■ Brief ■
Once the line containing "this 1671×2212 image." is found, copy that line and all remaining lines of the records exactly, including the last one, and add nothing.

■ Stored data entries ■
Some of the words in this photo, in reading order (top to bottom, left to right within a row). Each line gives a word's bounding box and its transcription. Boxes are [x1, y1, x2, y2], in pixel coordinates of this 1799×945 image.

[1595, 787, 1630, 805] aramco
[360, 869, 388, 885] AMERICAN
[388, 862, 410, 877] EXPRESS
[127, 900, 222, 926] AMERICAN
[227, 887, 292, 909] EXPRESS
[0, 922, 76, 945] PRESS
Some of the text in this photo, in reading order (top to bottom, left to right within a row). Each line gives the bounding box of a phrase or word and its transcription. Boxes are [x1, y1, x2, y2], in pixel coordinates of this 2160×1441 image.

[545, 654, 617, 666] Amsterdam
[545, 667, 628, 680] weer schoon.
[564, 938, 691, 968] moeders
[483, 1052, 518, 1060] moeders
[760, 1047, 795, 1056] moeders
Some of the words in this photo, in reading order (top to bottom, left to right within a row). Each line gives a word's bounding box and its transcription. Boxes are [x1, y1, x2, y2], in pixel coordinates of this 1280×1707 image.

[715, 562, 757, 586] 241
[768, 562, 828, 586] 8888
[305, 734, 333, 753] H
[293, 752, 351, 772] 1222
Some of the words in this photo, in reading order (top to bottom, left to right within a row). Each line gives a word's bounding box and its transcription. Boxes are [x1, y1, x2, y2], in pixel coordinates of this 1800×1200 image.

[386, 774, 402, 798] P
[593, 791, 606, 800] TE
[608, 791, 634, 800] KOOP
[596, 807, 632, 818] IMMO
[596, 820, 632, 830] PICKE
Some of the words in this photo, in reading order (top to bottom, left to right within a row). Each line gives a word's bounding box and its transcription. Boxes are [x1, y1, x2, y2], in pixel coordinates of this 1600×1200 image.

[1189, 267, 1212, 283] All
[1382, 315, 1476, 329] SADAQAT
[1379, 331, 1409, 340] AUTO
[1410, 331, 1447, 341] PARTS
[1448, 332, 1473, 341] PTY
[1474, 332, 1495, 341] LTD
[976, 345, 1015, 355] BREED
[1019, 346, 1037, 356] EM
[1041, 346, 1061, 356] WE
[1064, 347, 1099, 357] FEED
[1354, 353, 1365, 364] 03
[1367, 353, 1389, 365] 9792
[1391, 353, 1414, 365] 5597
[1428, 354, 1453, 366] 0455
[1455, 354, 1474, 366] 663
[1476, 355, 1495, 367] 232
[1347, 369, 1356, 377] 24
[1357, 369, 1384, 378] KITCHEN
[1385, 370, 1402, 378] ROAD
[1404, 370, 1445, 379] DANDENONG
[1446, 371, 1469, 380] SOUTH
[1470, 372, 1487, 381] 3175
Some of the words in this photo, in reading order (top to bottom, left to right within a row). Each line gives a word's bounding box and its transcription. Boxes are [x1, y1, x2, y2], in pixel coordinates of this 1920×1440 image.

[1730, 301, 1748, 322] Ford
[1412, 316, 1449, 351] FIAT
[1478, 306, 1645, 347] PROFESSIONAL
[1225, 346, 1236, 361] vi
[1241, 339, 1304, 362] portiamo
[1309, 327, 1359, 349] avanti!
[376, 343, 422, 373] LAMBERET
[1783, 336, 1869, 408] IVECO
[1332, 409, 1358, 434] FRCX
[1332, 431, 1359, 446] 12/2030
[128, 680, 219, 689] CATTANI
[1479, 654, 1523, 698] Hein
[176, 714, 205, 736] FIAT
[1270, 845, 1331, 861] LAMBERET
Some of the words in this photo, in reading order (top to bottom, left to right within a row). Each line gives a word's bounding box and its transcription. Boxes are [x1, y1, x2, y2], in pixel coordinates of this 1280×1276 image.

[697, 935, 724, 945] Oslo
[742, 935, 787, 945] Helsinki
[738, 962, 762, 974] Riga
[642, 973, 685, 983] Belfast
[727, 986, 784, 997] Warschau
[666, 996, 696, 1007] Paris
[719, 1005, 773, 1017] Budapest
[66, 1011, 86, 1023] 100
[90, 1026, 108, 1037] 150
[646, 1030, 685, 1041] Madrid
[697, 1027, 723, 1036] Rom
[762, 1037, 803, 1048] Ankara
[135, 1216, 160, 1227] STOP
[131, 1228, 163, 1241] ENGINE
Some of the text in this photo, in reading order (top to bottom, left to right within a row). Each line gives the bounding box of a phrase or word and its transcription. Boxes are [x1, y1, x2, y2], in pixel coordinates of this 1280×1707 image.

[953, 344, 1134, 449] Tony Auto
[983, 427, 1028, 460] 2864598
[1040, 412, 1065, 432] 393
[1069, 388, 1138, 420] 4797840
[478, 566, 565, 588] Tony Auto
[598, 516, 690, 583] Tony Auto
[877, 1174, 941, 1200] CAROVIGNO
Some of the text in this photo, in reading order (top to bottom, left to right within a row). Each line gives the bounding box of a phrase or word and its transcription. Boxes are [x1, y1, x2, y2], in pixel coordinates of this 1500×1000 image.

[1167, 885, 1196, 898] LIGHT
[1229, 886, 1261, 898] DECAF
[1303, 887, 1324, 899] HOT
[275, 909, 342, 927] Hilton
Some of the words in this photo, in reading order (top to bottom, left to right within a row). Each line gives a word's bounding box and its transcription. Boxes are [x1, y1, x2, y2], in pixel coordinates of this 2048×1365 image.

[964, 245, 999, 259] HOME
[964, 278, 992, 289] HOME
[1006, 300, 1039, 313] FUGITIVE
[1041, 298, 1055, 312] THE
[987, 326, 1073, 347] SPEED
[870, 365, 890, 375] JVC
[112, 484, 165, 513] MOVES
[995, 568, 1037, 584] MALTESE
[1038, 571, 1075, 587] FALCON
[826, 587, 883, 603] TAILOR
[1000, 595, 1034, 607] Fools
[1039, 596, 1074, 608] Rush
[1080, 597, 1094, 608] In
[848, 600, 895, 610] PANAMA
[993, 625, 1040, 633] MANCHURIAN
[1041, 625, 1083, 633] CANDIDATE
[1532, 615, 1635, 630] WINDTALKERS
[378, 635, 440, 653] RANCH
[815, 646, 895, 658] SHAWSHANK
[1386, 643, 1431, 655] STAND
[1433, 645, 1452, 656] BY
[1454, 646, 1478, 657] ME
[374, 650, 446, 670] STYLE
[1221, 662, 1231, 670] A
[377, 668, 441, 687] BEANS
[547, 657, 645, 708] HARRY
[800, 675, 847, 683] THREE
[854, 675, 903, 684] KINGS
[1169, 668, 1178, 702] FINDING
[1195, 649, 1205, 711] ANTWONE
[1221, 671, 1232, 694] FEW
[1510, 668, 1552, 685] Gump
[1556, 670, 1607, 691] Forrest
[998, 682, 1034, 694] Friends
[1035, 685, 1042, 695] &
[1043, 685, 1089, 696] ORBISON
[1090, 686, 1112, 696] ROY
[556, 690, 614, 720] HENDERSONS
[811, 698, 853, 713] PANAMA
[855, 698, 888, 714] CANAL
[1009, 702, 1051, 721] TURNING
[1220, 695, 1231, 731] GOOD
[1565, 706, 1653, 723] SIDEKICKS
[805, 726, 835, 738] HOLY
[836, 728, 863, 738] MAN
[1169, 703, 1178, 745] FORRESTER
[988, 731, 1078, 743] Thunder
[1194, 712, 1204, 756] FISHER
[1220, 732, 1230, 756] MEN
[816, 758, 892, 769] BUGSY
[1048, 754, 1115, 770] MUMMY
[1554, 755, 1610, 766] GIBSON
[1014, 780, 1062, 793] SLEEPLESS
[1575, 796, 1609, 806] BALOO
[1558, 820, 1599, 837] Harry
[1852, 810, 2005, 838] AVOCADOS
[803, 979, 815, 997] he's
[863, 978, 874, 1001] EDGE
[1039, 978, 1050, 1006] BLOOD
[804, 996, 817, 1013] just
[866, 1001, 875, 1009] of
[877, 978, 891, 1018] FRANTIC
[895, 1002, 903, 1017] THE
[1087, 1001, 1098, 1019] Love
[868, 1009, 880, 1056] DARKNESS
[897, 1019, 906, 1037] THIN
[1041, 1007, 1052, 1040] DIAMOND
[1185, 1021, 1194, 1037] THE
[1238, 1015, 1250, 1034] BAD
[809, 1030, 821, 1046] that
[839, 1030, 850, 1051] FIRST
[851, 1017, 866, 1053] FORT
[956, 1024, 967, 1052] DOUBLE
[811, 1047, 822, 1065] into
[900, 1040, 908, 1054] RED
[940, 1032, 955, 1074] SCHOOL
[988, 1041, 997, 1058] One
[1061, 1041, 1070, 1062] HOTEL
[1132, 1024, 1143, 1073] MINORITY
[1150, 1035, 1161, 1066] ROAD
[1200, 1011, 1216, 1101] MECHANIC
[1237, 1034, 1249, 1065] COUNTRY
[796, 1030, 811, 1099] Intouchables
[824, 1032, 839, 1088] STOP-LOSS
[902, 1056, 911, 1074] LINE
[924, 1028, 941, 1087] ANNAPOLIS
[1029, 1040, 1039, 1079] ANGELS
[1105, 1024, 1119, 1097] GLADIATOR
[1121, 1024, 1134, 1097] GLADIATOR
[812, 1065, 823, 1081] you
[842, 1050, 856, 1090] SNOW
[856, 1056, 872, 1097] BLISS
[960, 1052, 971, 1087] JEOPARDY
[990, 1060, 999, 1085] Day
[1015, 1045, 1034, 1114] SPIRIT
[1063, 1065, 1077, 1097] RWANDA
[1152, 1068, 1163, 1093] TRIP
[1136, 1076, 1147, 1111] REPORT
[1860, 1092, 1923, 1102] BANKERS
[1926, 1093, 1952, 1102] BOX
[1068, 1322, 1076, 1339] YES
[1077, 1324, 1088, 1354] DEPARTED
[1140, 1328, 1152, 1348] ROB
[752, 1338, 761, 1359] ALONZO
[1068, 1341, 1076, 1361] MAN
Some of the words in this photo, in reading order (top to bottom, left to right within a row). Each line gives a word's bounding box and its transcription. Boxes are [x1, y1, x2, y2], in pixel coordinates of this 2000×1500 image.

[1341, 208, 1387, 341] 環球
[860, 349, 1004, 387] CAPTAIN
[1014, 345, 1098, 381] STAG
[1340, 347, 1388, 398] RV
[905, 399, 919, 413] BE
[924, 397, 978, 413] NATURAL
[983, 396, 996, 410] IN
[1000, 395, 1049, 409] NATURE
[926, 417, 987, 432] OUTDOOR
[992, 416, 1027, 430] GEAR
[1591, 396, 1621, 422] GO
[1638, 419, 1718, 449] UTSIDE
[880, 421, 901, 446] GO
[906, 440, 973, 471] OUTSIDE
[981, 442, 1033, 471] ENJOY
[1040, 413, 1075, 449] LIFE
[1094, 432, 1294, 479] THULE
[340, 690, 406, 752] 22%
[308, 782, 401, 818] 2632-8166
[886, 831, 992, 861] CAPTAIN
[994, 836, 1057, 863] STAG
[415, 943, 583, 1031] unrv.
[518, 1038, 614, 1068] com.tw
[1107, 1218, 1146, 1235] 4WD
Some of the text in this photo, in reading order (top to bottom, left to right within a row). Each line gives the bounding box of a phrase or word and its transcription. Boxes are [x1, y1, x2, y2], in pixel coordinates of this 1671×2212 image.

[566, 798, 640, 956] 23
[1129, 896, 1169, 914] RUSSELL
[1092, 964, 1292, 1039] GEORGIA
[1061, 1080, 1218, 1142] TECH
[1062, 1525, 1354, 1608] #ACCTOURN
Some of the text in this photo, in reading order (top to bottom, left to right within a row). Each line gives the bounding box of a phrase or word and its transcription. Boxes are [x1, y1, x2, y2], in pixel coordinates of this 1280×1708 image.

■ Result for this task ■
Some of the text in this photo, in reading order (top to bottom, left to right within a row). Each line gives the bounding box of a phrase or word and its transcription. Boxes are [x1, y1, x2, y2], in pixel coordinates of this 1671×2212 image.

[566, 798, 640, 956] 23
[1129, 896, 1169, 914] RUSSELL
[1092, 964, 1292, 1039] GEORGIA
[1061, 1080, 1218, 1142] TECH
[1062, 1525, 1354, 1608] #ACCTOURN
Some of the text in this photo, in reading order (top to bottom, left to right within a row). Each line gives the bounding box of a phrase or word and its transcription. Boxes are [x1, y1, x2, y2], in pixel coordinates of this 1280×1708 image.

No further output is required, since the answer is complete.